こんな場面でも嫌なものは嫌だと顔に出すメンタル強者に、僕もなりたい。
「ヘッセリンク伯から不思議な話を聞いてな。なんでも、亡くなったはずのプラティ・ヘッセリンク、ジーカス・ヘッセリンクがこの世にとどまっているとか」
そんなメンタル強者二人のペースに巻き込まれないぞとばかりに早々に核心に切り込む王様。
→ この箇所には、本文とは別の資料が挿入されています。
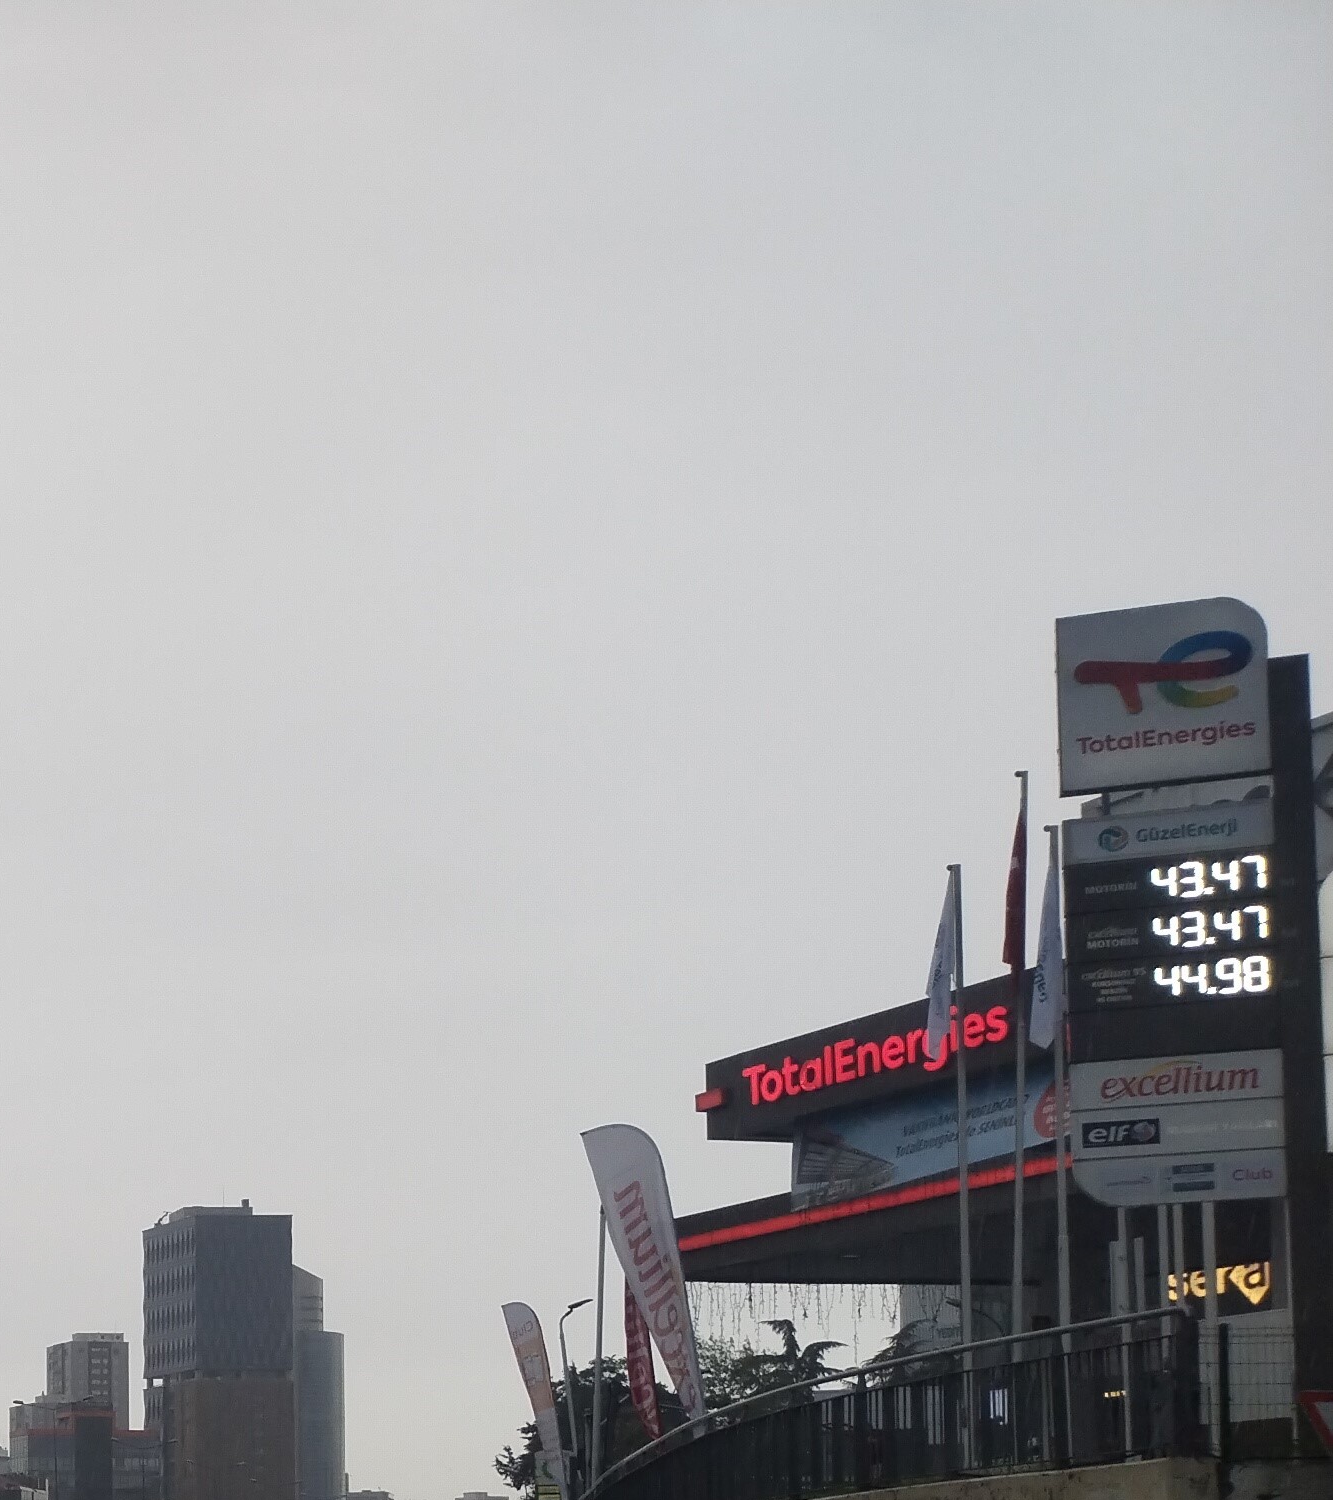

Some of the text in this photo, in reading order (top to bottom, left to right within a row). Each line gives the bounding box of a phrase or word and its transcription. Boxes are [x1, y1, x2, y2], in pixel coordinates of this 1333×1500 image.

[1076, 720, 1256, 755] TotalEnergies
[1136, 818, 1238, 843] GüzelEnerji
[1149, 853, 1270, 898] 43.47
[1151, 904, 1271, 948] 43.47
[1152, 955, 1273, 997] 44.98
[742, 1005, 1008, 1106] TotalEnergies
[1101, 1066, 1259, 1102] excellium
[1088, 1126, 1130, 1143] elf
[1233, 1166, 1274, 1181] Club
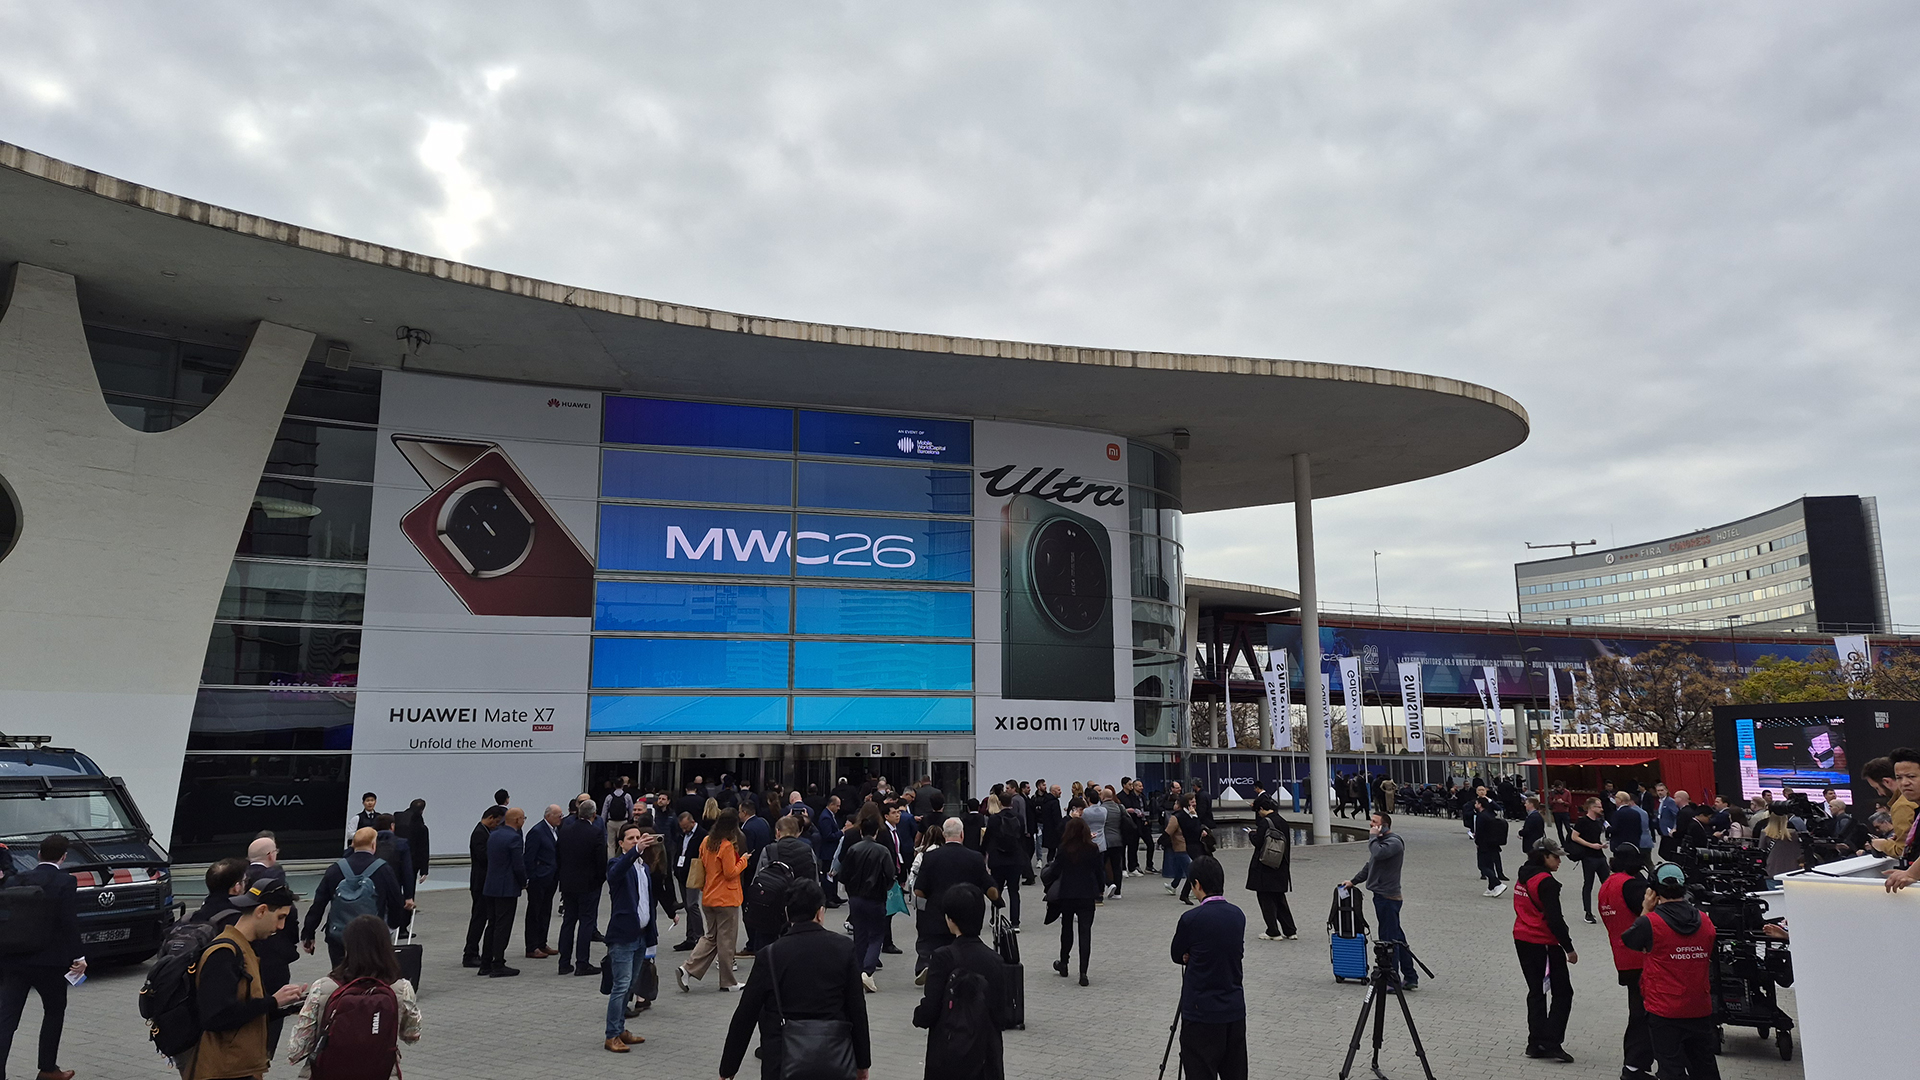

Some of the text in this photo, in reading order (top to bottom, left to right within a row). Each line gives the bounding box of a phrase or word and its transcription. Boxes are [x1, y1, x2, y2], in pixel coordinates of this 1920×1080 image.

さてどうやって躱そうかと考えを巡らせていると、ラスブラン侯が一歩進み出る。
この状況にあって、情報戦の雄、ラスブラン侯の背中はとても頼もしい。
上手く誤魔化して下さいお願いします!
「そうですな。私もカナリア公もプラティ・ヘッセリンク、ジーカス・ヘッセリンクの両名と言葉を交わしました。……、なにか?」
認めたー!!
王様もびっくりだ。
カナリア公だけがノーリアクションなのはこの展開を読んでたからなんだろう。
学生時代の先輩への篤い信頼か。
「あのラスブラン侯があっさりと認めたことに驚いただけだ。いつものとおりのらりくらり躱そうとするものとばかり思っていたからな」
皮肉とも本気ともとれる王様の言葉に、ラスブラン侯は軽く肩をすくめた後、なぜか僕に視線を向ける。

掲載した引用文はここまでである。